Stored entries

--

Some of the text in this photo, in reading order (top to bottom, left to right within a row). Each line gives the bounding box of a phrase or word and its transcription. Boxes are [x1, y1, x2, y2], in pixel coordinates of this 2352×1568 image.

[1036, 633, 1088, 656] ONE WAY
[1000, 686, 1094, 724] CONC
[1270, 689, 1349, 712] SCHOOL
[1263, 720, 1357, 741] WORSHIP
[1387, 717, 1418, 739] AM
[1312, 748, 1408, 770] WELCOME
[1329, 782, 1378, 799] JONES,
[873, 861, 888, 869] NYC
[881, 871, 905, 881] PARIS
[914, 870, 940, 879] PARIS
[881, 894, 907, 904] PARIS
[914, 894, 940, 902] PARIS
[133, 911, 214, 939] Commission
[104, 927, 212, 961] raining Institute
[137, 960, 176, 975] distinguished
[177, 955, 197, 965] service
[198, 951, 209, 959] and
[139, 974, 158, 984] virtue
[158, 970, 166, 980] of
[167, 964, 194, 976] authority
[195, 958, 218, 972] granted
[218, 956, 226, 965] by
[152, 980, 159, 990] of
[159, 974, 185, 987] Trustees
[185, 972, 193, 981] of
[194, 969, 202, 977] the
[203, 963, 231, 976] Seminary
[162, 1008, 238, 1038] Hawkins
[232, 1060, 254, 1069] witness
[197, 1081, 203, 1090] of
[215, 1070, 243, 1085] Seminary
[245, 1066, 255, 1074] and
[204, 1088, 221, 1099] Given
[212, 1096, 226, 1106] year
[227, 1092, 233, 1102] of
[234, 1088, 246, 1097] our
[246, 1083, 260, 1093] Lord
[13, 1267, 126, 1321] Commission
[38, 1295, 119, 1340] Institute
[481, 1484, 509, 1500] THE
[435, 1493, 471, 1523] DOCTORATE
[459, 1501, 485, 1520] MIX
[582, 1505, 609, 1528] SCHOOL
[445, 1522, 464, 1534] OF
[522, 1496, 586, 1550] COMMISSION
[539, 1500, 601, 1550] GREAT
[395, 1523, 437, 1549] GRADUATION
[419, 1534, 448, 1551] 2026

--

Top to bottom, transcribe every line above exactly.

Answer box
Some of the text in this photo, in reading order (top to bottom, left to right within a row). Each line gives the bounding box of a phrase or word and its transcription. Boxes are [x1, y1, x2, y2], in pixel coordinates of this 2352×1568 image.

[1036, 633, 1088, 656] ONE WAY
[1000, 686, 1094, 724] CONC
[1270, 689, 1349, 712] SCHOOL
[1263, 720, 1357, 741] WORSHIP
[1387, 717, 1418, 739] AM
[1312, 748, 1408, 770] WELCOME
[1329, 782, 1378, 799] JONES,
[873, 861, 888, 869] NYC
[881, 871, 905, 881] PARIS
[914, 870, 940, 879] PARIS
[881, 894, 907, 904] PARIS
[914, 894, 940, 902] PARIS
[133, 911, 214, 939] Commission
[104, 927, 212, 961] raining Institute
[137, 960, 176, 975] distinguished
[177, 955, 197, 965] service
[198, 951, 209, 959] and
[139, 974, 158, 984] virtue
[158, 970, 166, 980] of
[167, 964, 194, 976] authority
[195, 958, 218, 972] granted
[218, 956, 226, 965] by
[152, 980, 159, 990] of
[159, 974, 185, 987] Trustees
[185, 972, 193, 981] of
[194, 969, 202, 977] the
[203, 963, 231, 976] Seminary
[162, 1008, 238, 1038] Hawkins
[232, 1060, 254, 1069] witness
[197, 1081, 203, 1090] of
[215, 1070, 243, 1085] Seminary
[245, 1066, 255, 1074] and
[204, 1088, 221, 1099] Given
[212, 1096, 226, 1106] year
[227, 1092, 233, 1102] of
[234, 1088, 246, 1097] our
[246, 1083, 260, 1093] Lord
[13, 1267, 126, 1321] Commission
[38, 1295, 119, 1340] Institute
[481, 1484, 509, 1500] THE
[435, 1493, 471, 1523] DOCTORATE
[459, 1501, 485, 1520] MIX
[582, 1505, 609, 1528] SCHOOL
[445, 1522, 464, 1534] OF
[522, 1496, 586, 1550] COMMISSION
[539, 1500, 601, 1550] GREAT
[395, 1523, 437, 1549] GRADUATION
[419, 1534, 448, 1551] 2026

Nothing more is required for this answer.